Shawn: Not really. Mainly because I never went for galleries. I think I flirted with that whole dynamic in my school days, & after graduating I made my rounds in Houston. A lot of folks where nice to me, but treated me like a dumb kid which may have been accurate. So- if that was a first date, I’d be like ‘fuck that’ and move on. I’d rather slum with a cafe than marry a cold box of windows. Plus- I feel I saw so many galleries close in the late 2000’s. I think galleries are still struggling, and saying that, you have to have SELLING power more than ever. I don’t think any folks with tons of cash are betting on me yet.
$ocity: I bet there’s a lot of competition amongst artists in Portland. Is there more of a community or a competition there?
Shawn C: I have no idea. I moved up here to be a more serious member of a music collective. I’m still riding the backslide of that venture & have been fairly isolated artistically. I do feel there is a heavy price to pay for not having roots in the NW though – it’s a tiny cliqued-out bread shell. I also take full responsibility for my aloofness at the same time.
$ocity: Any other classic artists that inspired you?
Shawn C: Classic? I’m guessing you mean older? I’m always impressed by renaissance paintings although I can’t necessarily relate to them. There is a certain integrity to that period that I don’t think will ever surface again on this planet. I thought Carravagio was crazy when I was in school i guess. I’ve spent time with impressionism, minimalism, surrealism, pop art, dada – that’s classic to me. Isn’t Coca-Cola classic these days??? (bad joke)
$ocity: As much as I hate categorizing artists amongst genres, I have to ask…how would you categorize yourself?
Shawn C: Contemporary. I think that really embodies what I do.
$ocity: Any medium you enjoy using most?
Shawn C: I enjoy acrylic paint. It dries fast, no odor, mixes/cleans with water, dries matte – love it. My favorite instrument is by far the Bic pen though. The way you can control the heaviness of line with the pressure of your hand is gold. I can use the same tool to make the most consistent thin line as I can to make a bold line.
$ocity: I read a lot of Juxtapoz magazine & High Fructose magazine. I know there are countless more. Any in particular that you enjoy?
Shawn C: I was into Flash Art for a while & had a subscription to Art News. I dip into magazines like top forty radio. I don’t want the jams stuck in my head, but I want to keep some kind of gauge on that world.
$ocity: Do you think these magazines are a good resource for artists or do you think they focus on a small spectrum of art?
Shawn C: I think it’s kind of up to the individual. I’m sure some artists are very inspired after looking at such publications & some feel poisoned. I’m probably somewhere in between. I take what I can from them and chuck the rest. It’s an extremely subjective zone out there unless you’re talking about money.
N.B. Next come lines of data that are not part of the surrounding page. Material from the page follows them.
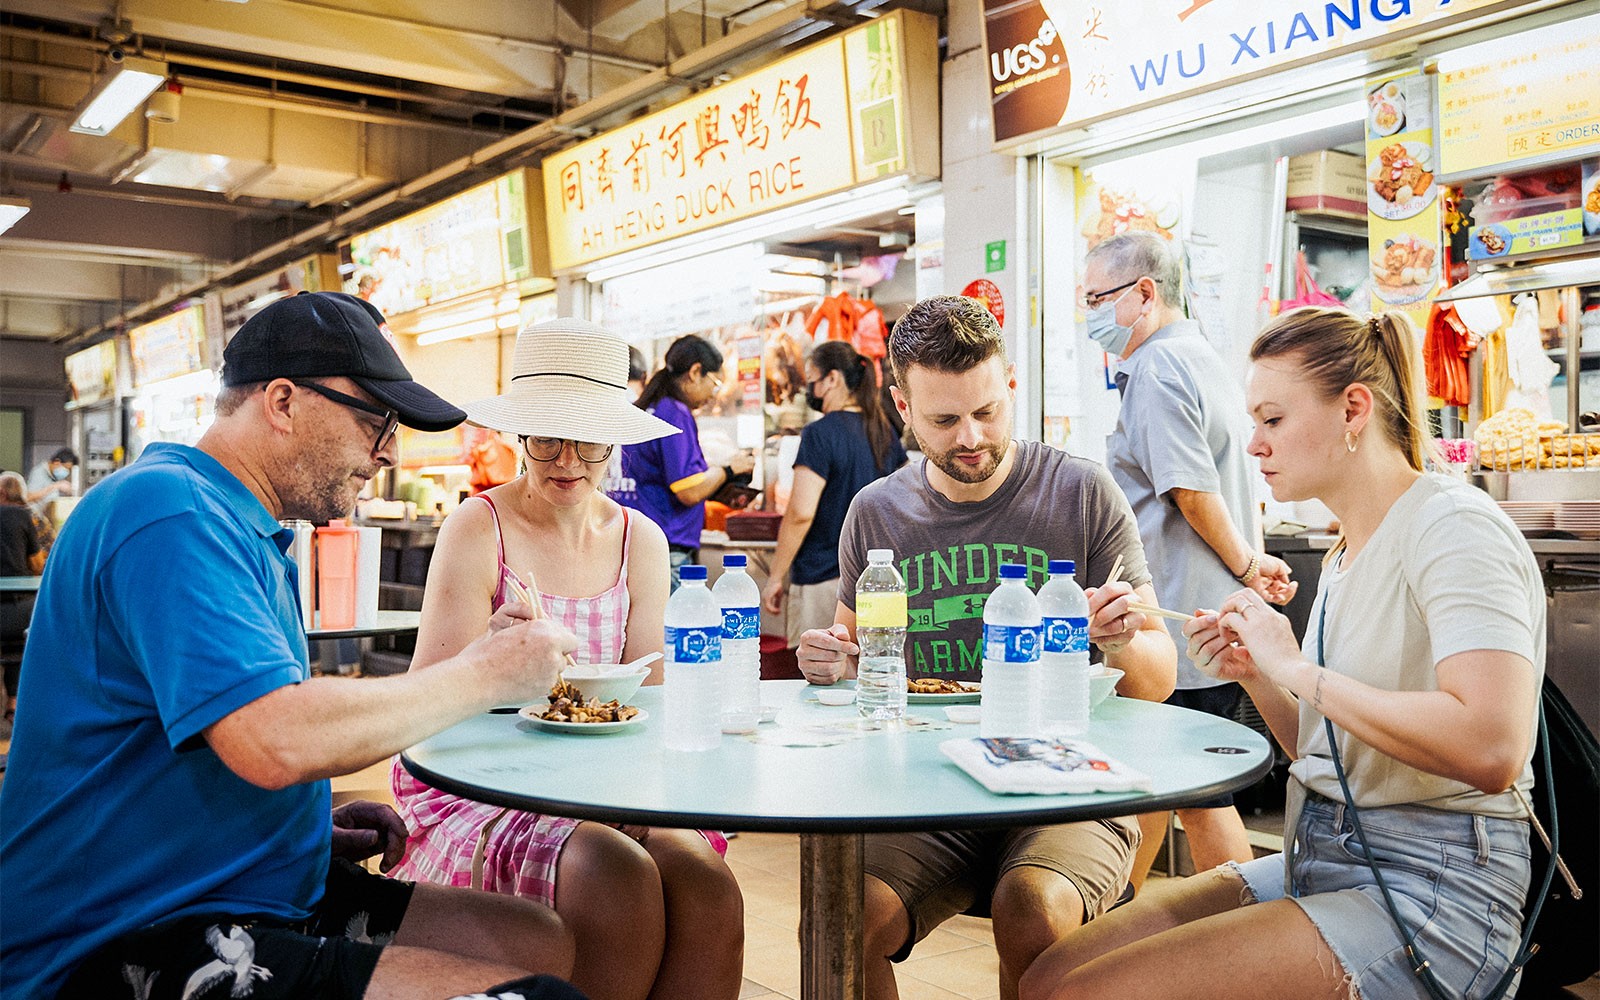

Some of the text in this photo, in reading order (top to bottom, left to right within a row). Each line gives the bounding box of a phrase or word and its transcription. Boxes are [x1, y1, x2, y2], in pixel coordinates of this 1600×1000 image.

[1129, 43, 1206, 91] WU
[1229, 0, 1411, 65] XIANG
[1556, 122, 1600, 143] ORDER
[581, 156, 805, 252] AH HENG DUCK RICE
[899, 543, 1050, 598] UNDER
[918, 615, 930, 625] 19
$ocity: Do you think the political side of the galleries, publications, etc. make it harder for an up and comer to really expand audiences?
Shawn C: Maybe, but creativity doesn’t stop with the physical artwork itself. Being creative with how/where it’s seen is just as important. If gallery owners aren’t catering to your preferences, then it’s ultimately up to the artist to do some weird shit to bypass that nonsense.
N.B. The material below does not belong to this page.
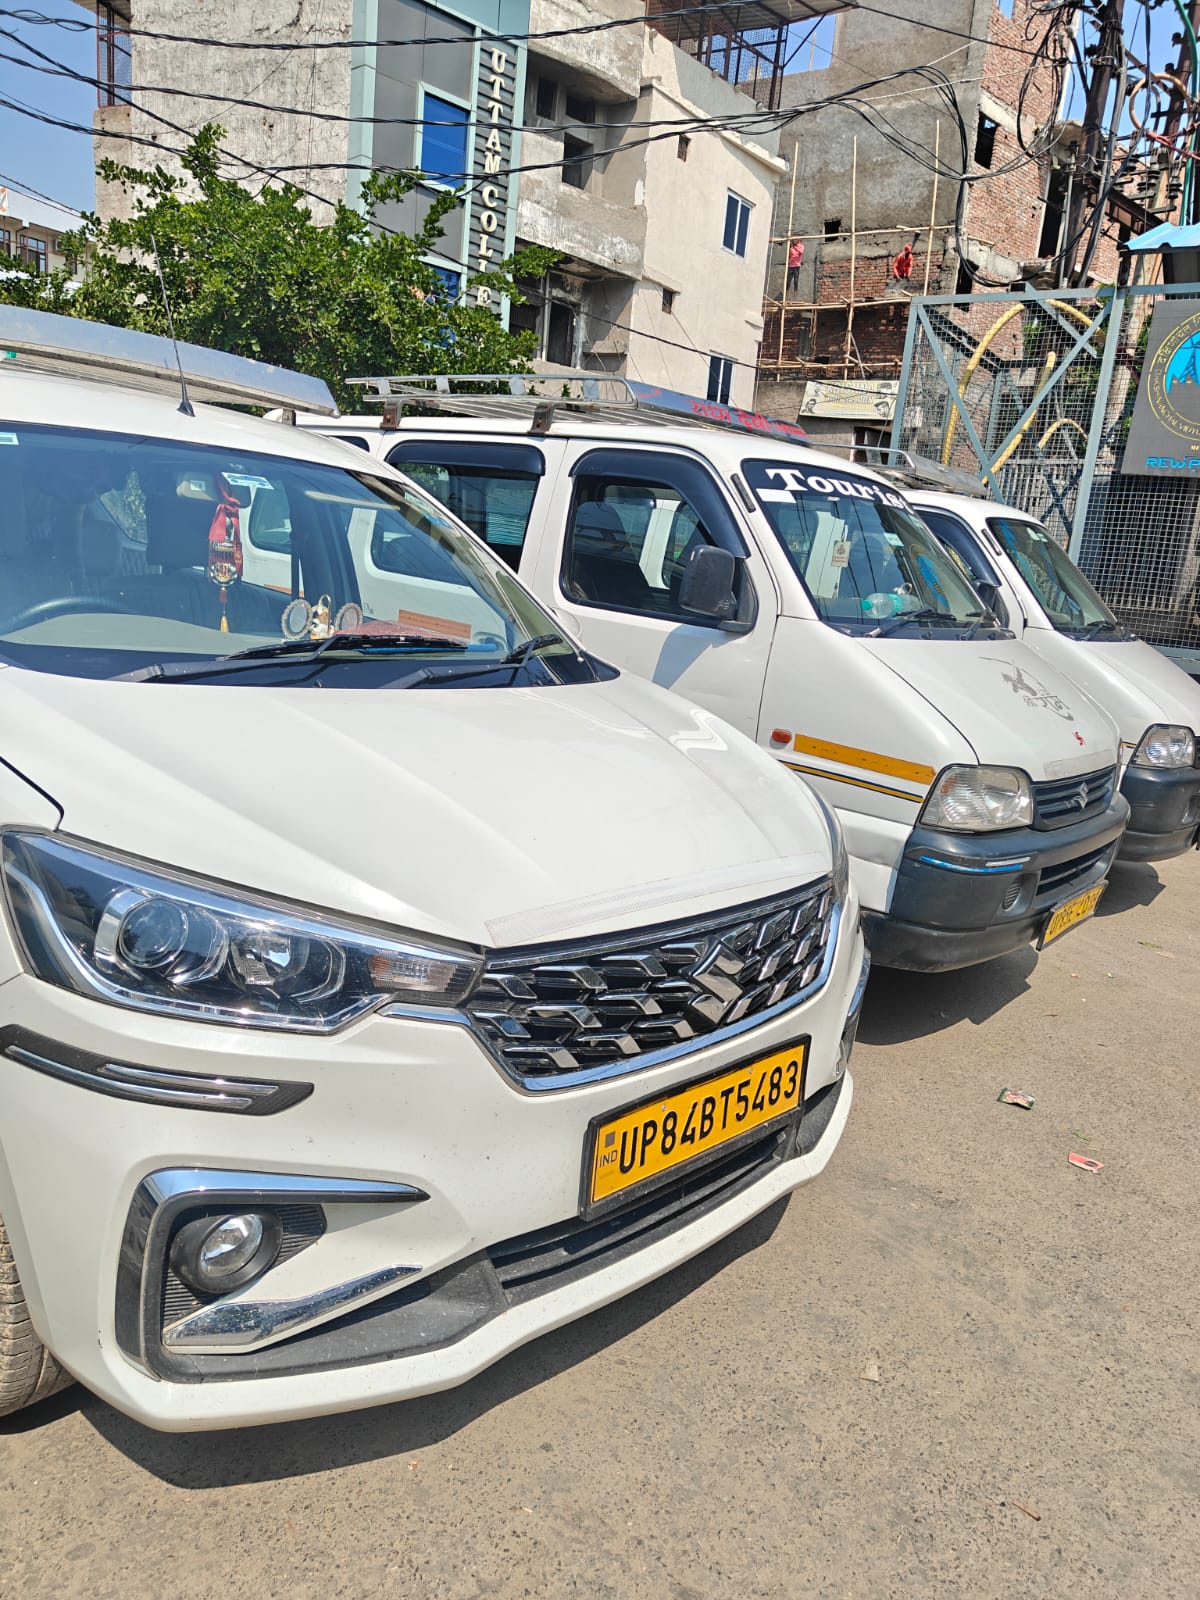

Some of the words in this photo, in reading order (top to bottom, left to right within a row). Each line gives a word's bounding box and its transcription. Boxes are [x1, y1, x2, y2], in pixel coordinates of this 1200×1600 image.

[484, 47, 507, 174] UTTAM
[600, 1149, 618, 1168] IND
[619, 1060, 799, 1174] UP84BT5483
$ocity: Like any other art forms, there are usually trends. Do these trends leave other important artists out of the circle?
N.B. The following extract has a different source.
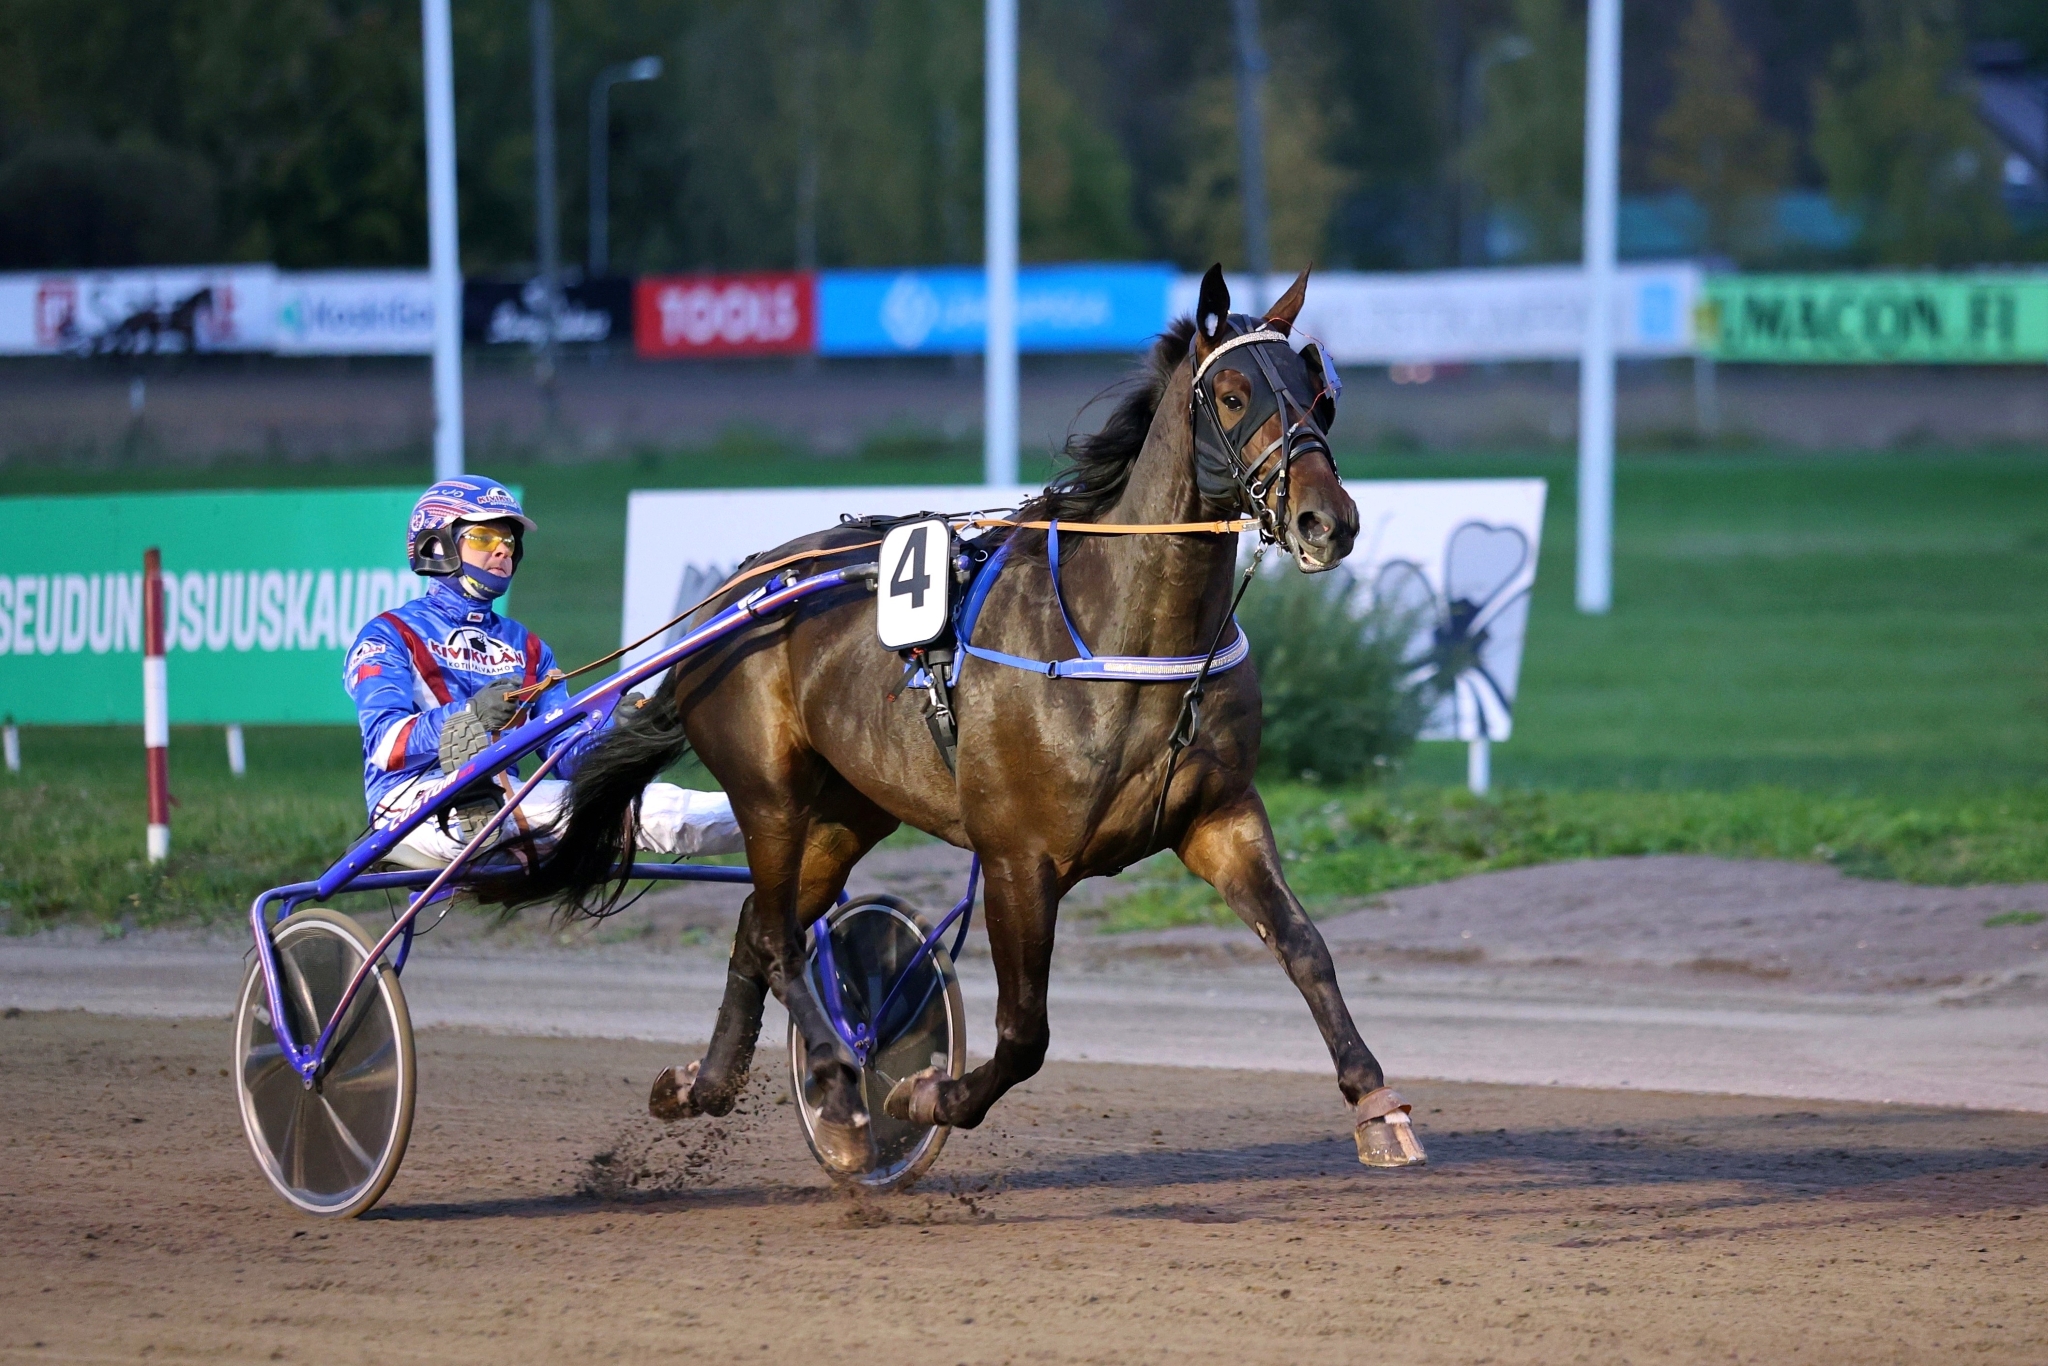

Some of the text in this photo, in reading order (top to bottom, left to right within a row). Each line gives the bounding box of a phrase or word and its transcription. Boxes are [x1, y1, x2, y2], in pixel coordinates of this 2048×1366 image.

[890, 526, 931, 609] 4
[431, 642, 524, 666] KIVIKYLÄN
[389, 769, 460, 831] CUSTOM
Shawn C: I think there is authenticity and there is trickle down, but that’s just speculation – and maybe I’m a little old school to think like that. The way information travels today – everything is derivative of everything. Tracing the source of something makes less and less sense in contemporary society. It’s easy to look back at certain schools of painting defined throughout history, who was included & who wasn’t. I’m not so sure it’s like that anymore. A lot of artists are successful in their own right without owing anything to a particular school or movement.
$ocity: Any advice for other artists???
Shawn C: Sometimes the best advice is no advice.